En octobre 2018, quand nous avons commencé à nous interroger, nous avons vite réalisé qu’on ne connaissait rien de l’ampleur du phénomène : on voyait un scandale médiatique sans chiffre. Deux solutions : soit il était grossi par les médias qui en parlaient beaucoup, auquel cas une enquête historique permettrait d’objectiver les choses ; soit l’ampleur du phénomène était sous-estimée par les évêques, ce qui ne nous rassurait pas non plus.

 

Ayant eu connaissance de l’existence de quelques rapports nationaux, en Australie, Chili, Irlande, États-Unis, etc, on a alors essayé d’estimer le nombre de victimes et d’abuseurs, en supposant que le clergé français se serait comporté d’une manière proche du meilleur des clergés (ce qui prouve que oui, nous aimons nos prêtres et faisons ça aussi pour leur éviter une situation de suspicion généralisée). Comme pour le nuage de Tchernobyl, si nos voisins sont touchés, nous le sommes sûrement aussi.On a trouvé une moyenne de 3,7 victimes par an et par million de catholiques, et donc 7500 victimes en 50 ans dans toute la France. Avec la même méthodologie, on a trouvé 2200 agresseurs sur une période de 50 ans. Ce chiffre nous a paru cohérent avec les 1900 clercs australiens, mais très en décalage avec les 4 clercs emprisonnés en 2017 en France.Nous avons alors décidé de lancer une pétition, de la part de catholiques, pour demander aux évêques de France de diligenter une commission historique. Bien inspirés, (ou réagissant à la pression des médias, des victimes, des politiques qui demandaient aussi une commission) les évêques ont voté lors de leur assemblée générale fin octobre 2018, de mener une « commission indépendante pour faire la lumière sur les abus sexuels sur mineurs dans l’Église catholique depuis 1950 ».Si d’autres catholiques, dans d’autres pays, voulaient s’inspirer de notre texte, qu’ils soient encouragés ! C’est pour cela que nous publions ici notre projet de pétition :

Projet de pétition

Aux Évêques de France, en réponse à la lettre au peuple de Dieu qui est en France

 

Le 20 août 2018, le Pape a écrit à nous, peuple de Dieu, au sujet d’« abus sexuels, d’abus de pouvoir et de conscience, commis par un nombre important de clercs et de personnes consacrées ». Il nous invite à constater « que les blessures infligées ne disparaissent jamais », et reconnait que parfois des mesures ont été prises « qui en augmentaient la gravité jusqu’à tomber dans la complicité. »
Le 12 septembre 2018, les Évêques du conseil permanent de la conférence des Évêques de France se sont adressé à nous, peuple de Dieu qui est en France. Face à « La souffrance imprescriptible des victimes et de leurs proches », vous vous affirmez « tristes, honteux », dans le « désarroi ».

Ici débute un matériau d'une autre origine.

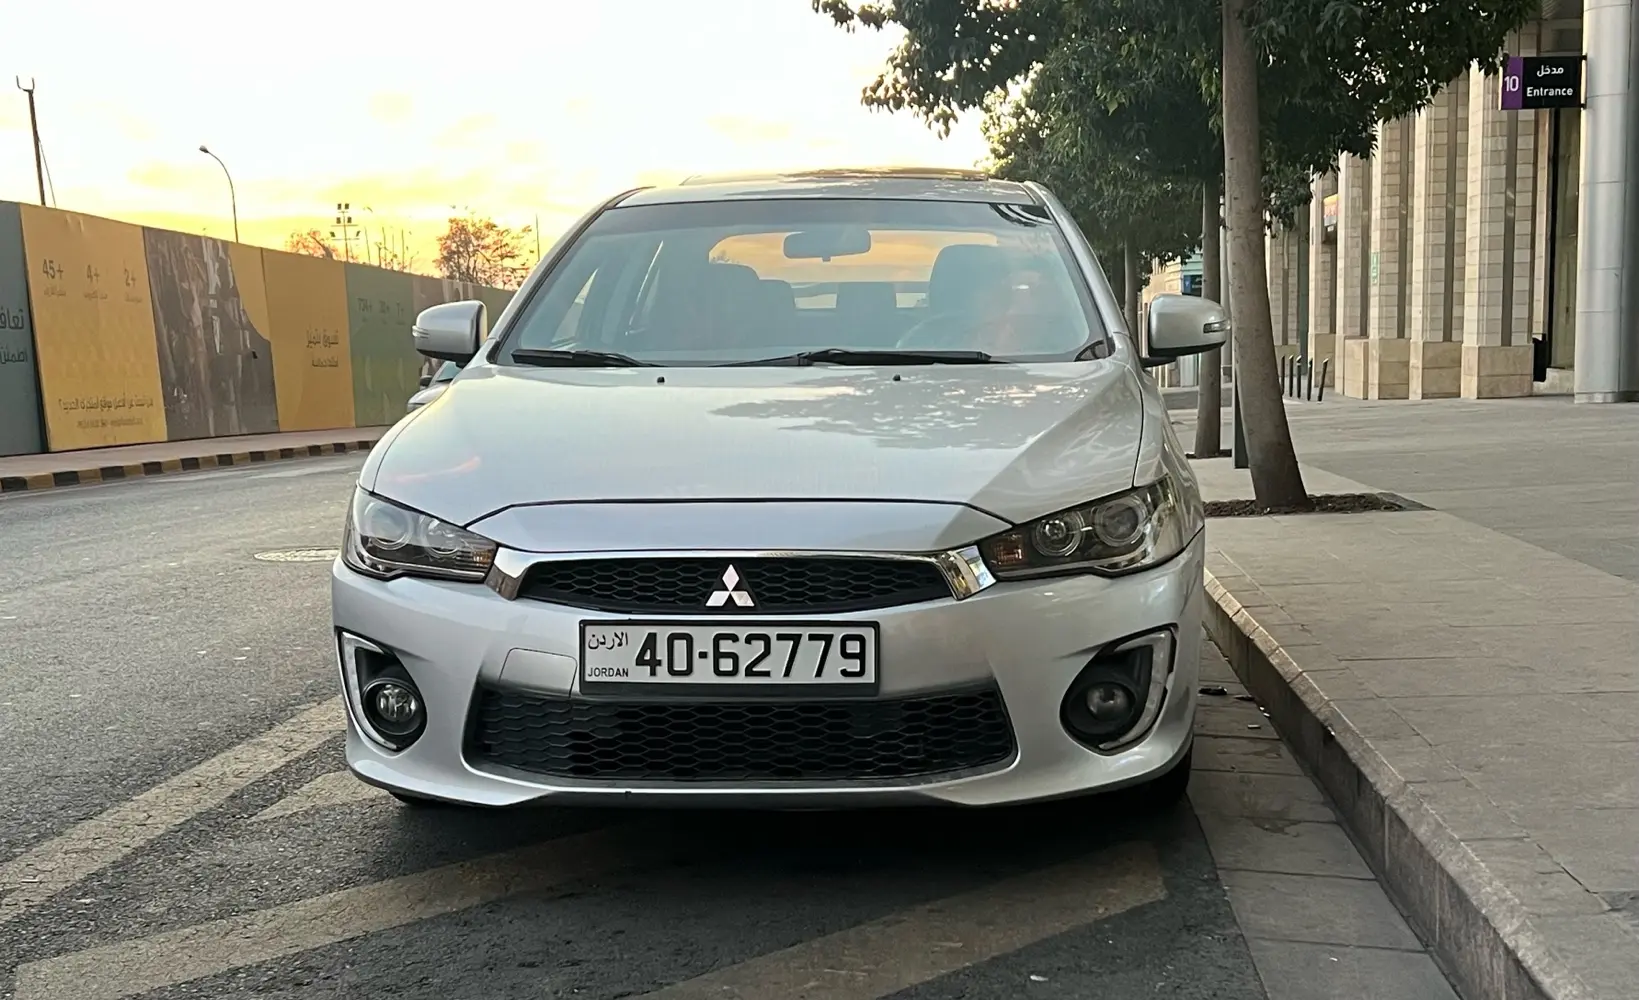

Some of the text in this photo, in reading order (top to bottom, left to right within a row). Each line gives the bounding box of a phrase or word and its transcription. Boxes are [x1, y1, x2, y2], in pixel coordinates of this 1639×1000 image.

[1537, 65, 1564, 77] مدخل
[1504, 76, 1519, 92] 10
[1527, 87, 1574, 97] Entrance
[42, 258, 64, 279] 45+
[635, 632, 866, 678] 40-62779
[588, 667, 629, 678] JORDAN
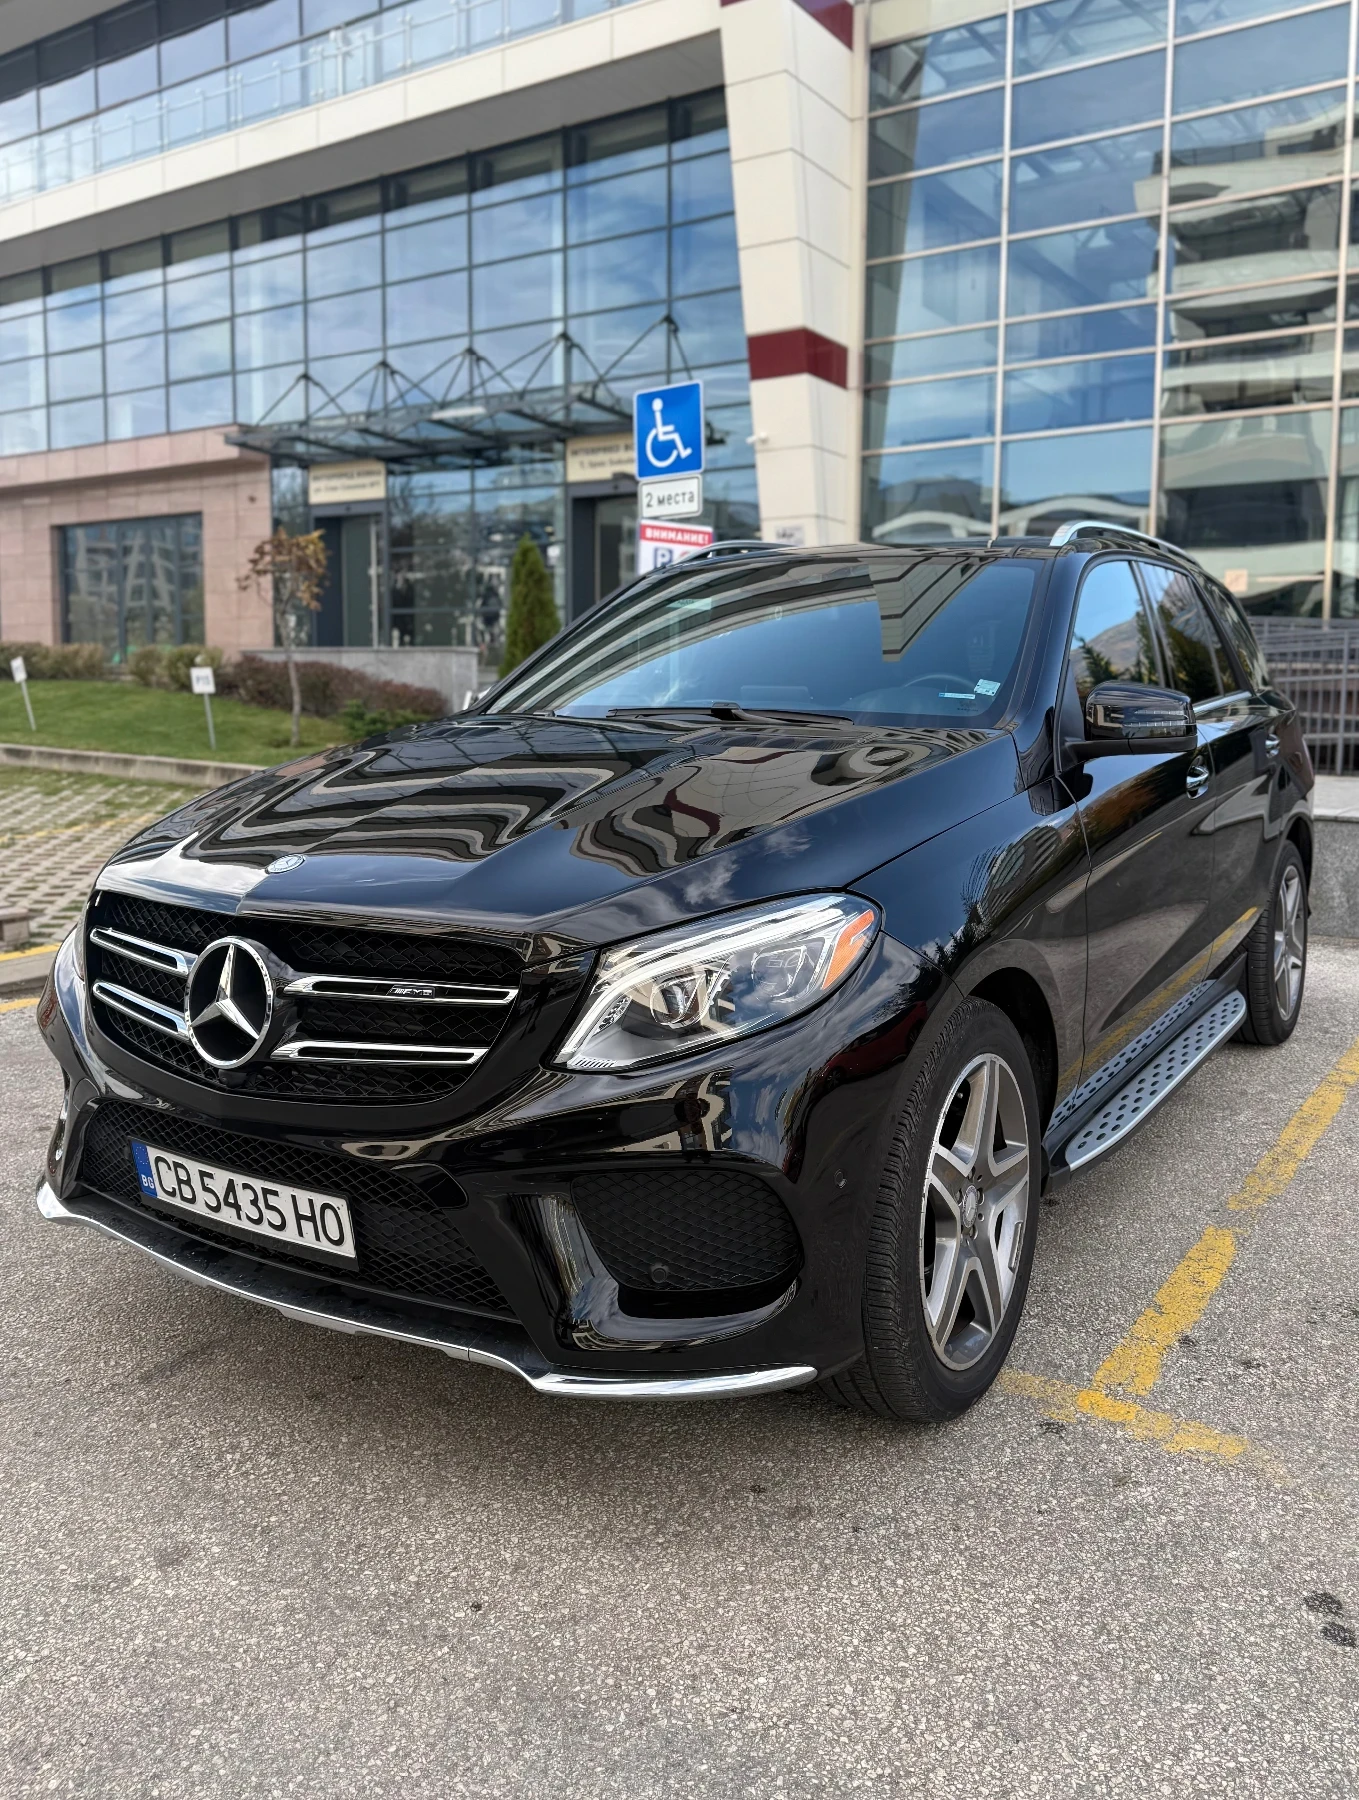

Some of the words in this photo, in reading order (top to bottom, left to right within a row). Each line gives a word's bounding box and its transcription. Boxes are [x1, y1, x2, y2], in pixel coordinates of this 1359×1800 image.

[645, 492, 653, 508] 2
[657, 491, 695, 506] места
[645, 528, 709, 545] ВНИМАНИЕ!
[141, 1174, 155, 1189] BG
[154, 1155, 197, 1205] CB
[198, 1169, 287, 1232] 5435
[291, 1193, 345, 1246] HO
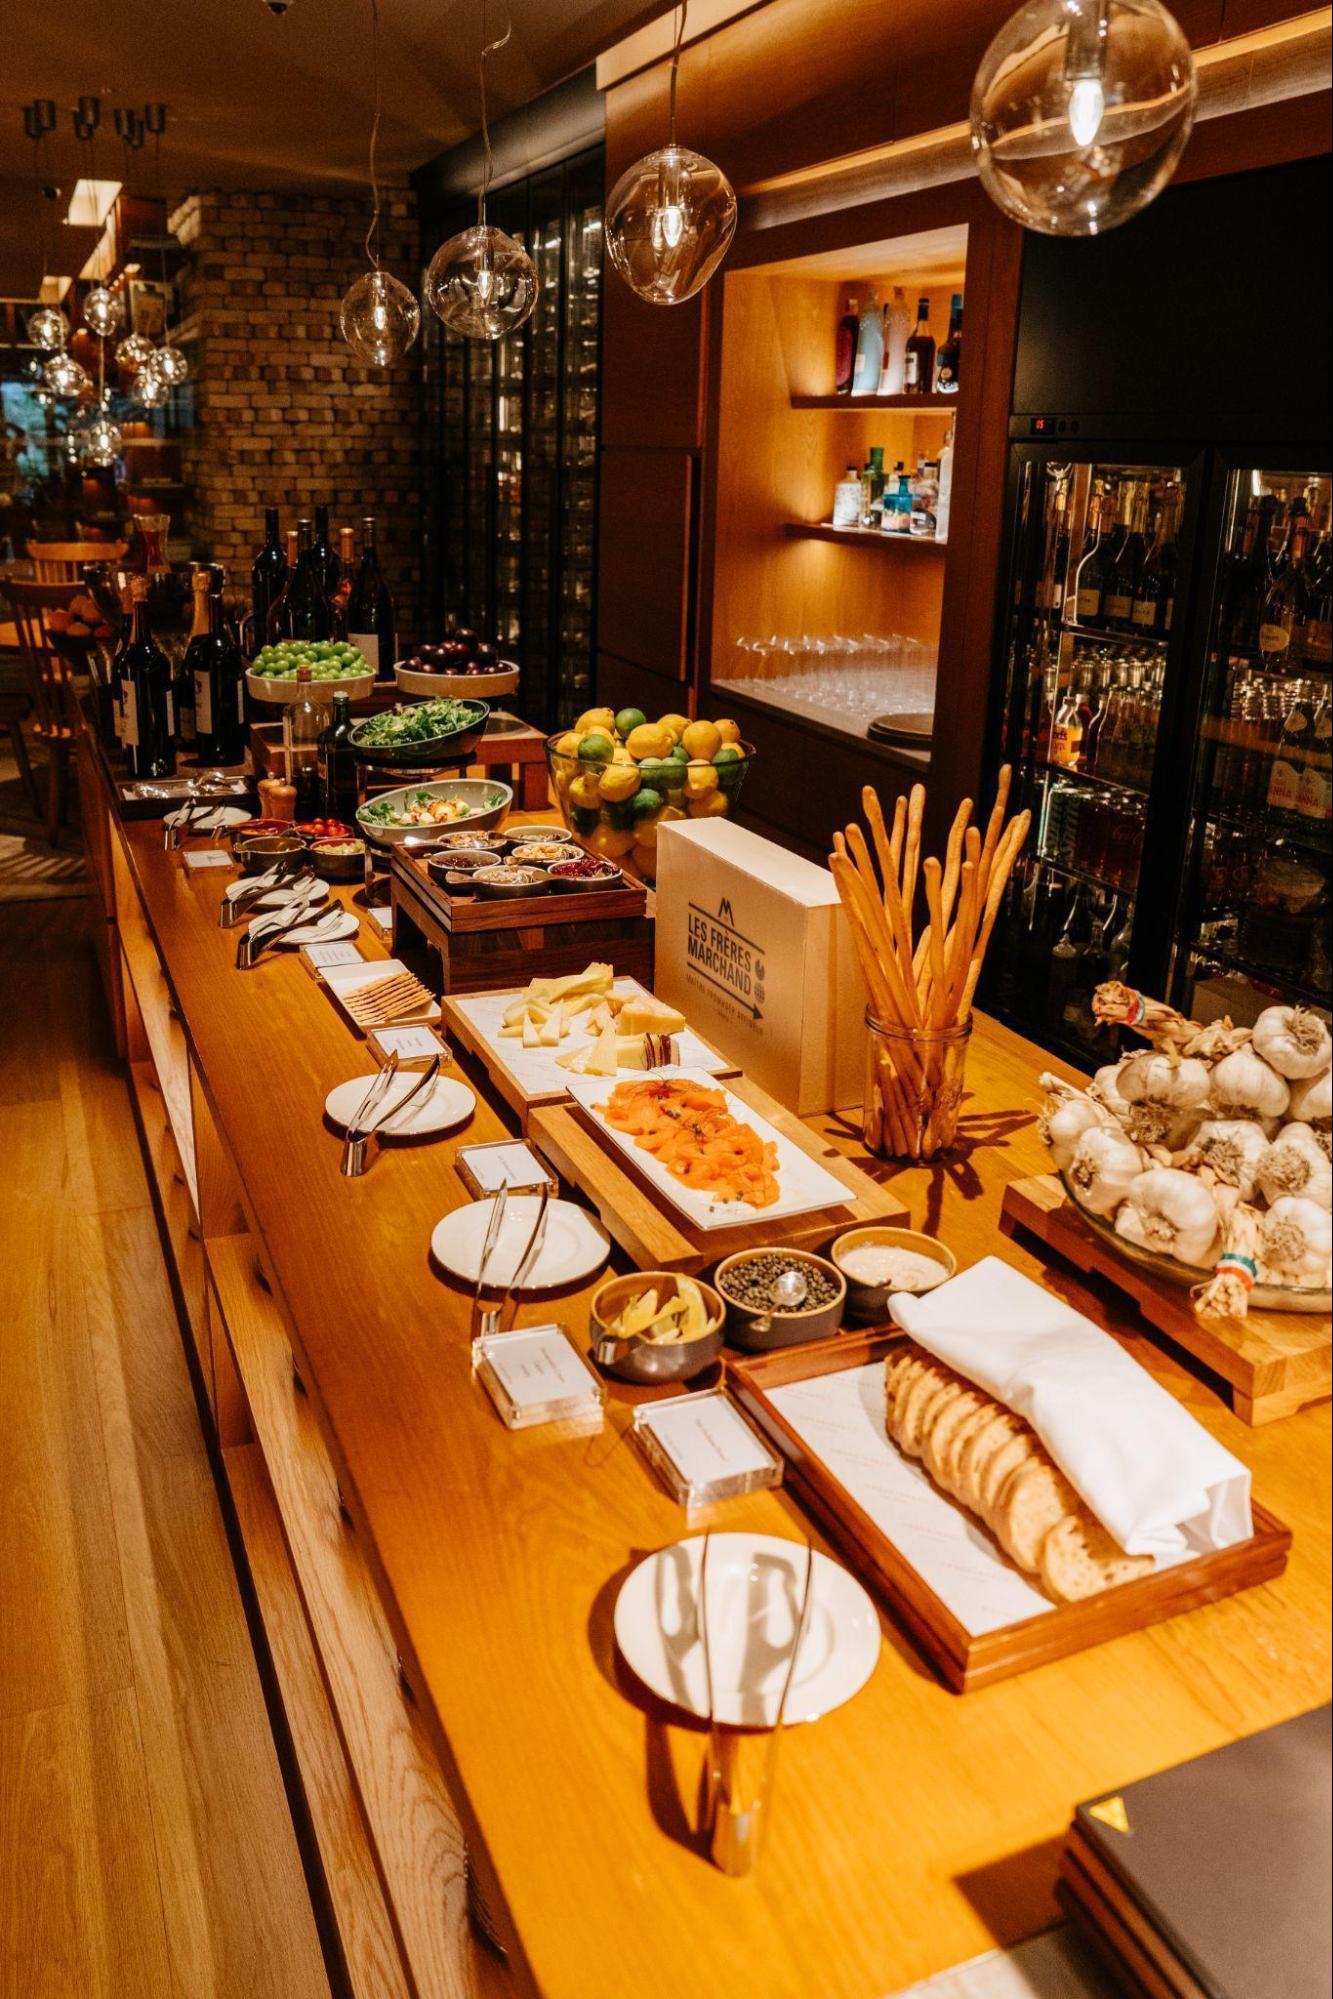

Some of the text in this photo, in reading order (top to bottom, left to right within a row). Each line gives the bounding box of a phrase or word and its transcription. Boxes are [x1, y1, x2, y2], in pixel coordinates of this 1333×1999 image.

[687, 934, 752, 996] MARCHAND
[688, 912, 752, 973] LES FRÈRES
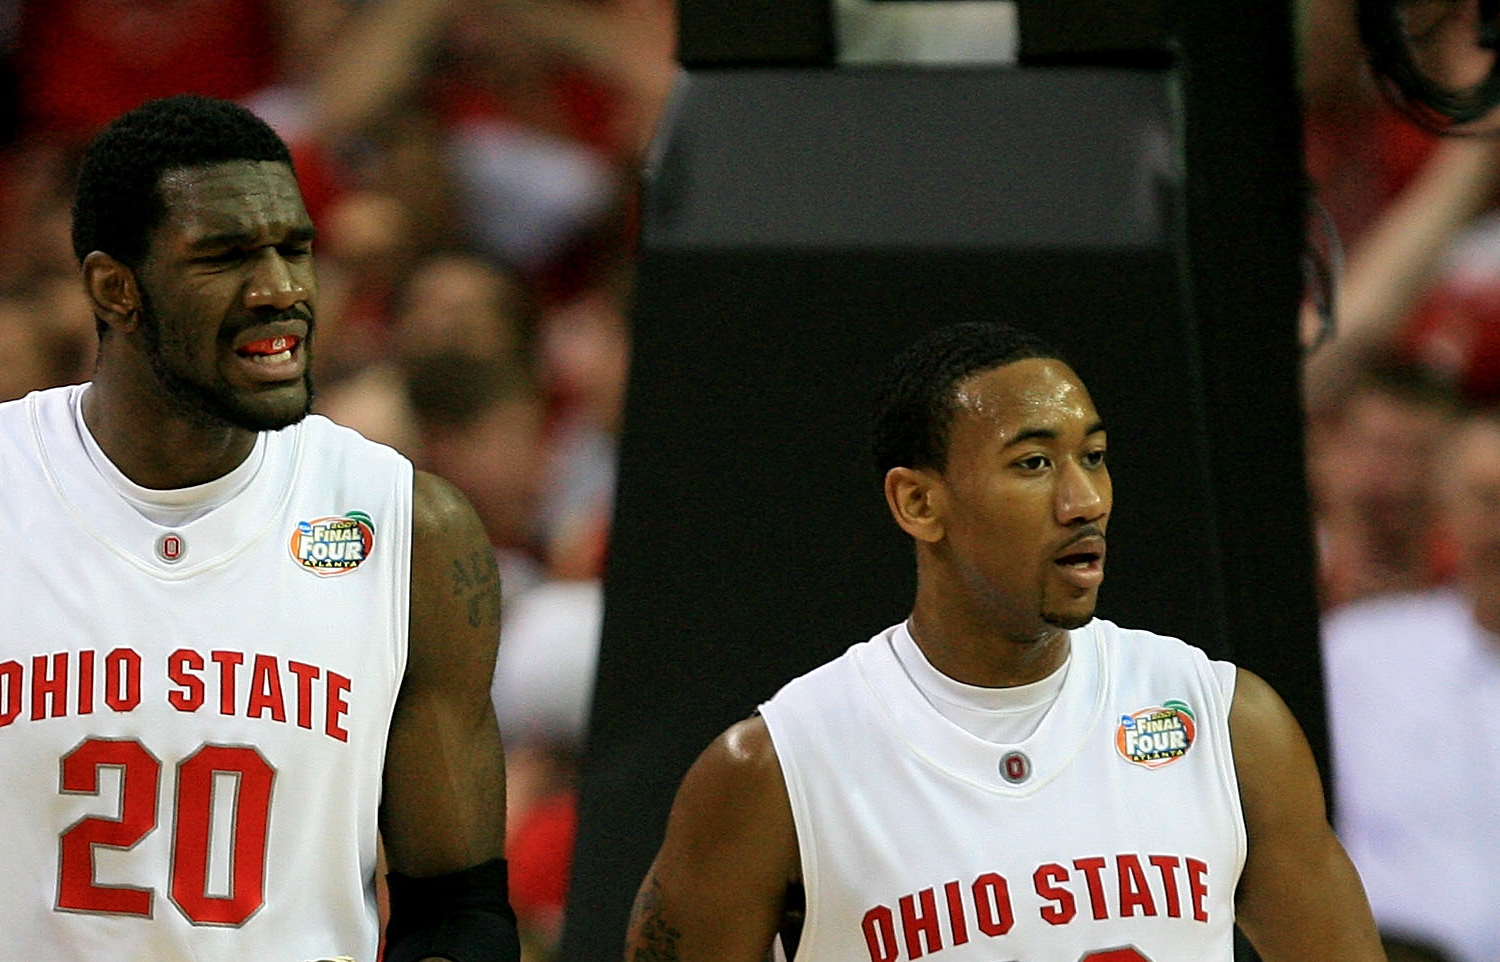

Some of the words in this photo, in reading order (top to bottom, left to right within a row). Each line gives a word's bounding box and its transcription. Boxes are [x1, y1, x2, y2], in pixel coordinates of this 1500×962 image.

Nous, membre de ce peuple de Dieu, pouvons aussi nous confesser d’avoir regardé ailleurs, de ne pas nous être soucié du sort des victimes, d’avoir eu une confiance démesurée dans notre clergé par notre cléricalisme. Ce sont nos enfants, cousins, neveux, amis, dont nous avons pu ignorer la détresse qui les a parfois poussés au suicide.

Dès 2002, le Pape Jean-Paul II affirmait « ces abus sont immoraux à tous points de vue et la société les considère à juste titre comme un crime ; c’est aussi un péché effroyable aux yeux de Dieu [] Il n’y a pas de place dans la prêtrise ni dans la vie religieuse pour ceux qui font ou feraient du mal aux jeunes gens » (1).

En plus du crime d’agression sexuelle sur mineur, apparait le scandale de ceux qui les ont couverts . A ce sujet, la conférence des Evêques de France avait affirmé en 2000 que l’évêque « ne peut ni ne veut rester passif, encore moins couvrir des actes délictueux » (2).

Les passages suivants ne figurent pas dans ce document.